### Your objective
All entries shown below must be given again word for word.
[[ Provided material, beginning ]]
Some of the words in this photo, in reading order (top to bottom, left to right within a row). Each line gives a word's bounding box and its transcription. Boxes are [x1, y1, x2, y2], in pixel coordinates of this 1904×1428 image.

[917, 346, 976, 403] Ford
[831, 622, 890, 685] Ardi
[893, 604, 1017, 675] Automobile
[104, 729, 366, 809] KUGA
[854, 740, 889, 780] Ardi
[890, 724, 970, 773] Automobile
[[ Provided material, end ]]
### Solution to the problem
Some of the words in this photo, in reading order (top to bottom, left to right within a row). Each line gives a word's bounding box and its transcription. Boxes are [x1, y1, x2, y2], in pixel coordinates of this 1904×1428 image.

[917, 346, 976, 403] Ford
[831, 622, 890, 685] Ardi
[893, 604, 1017, 675] Automobile
[104, 729, 366, 809] KUGA
[854, 740, 889, 780] Ardi
[890, 724, 970, 773] Automobile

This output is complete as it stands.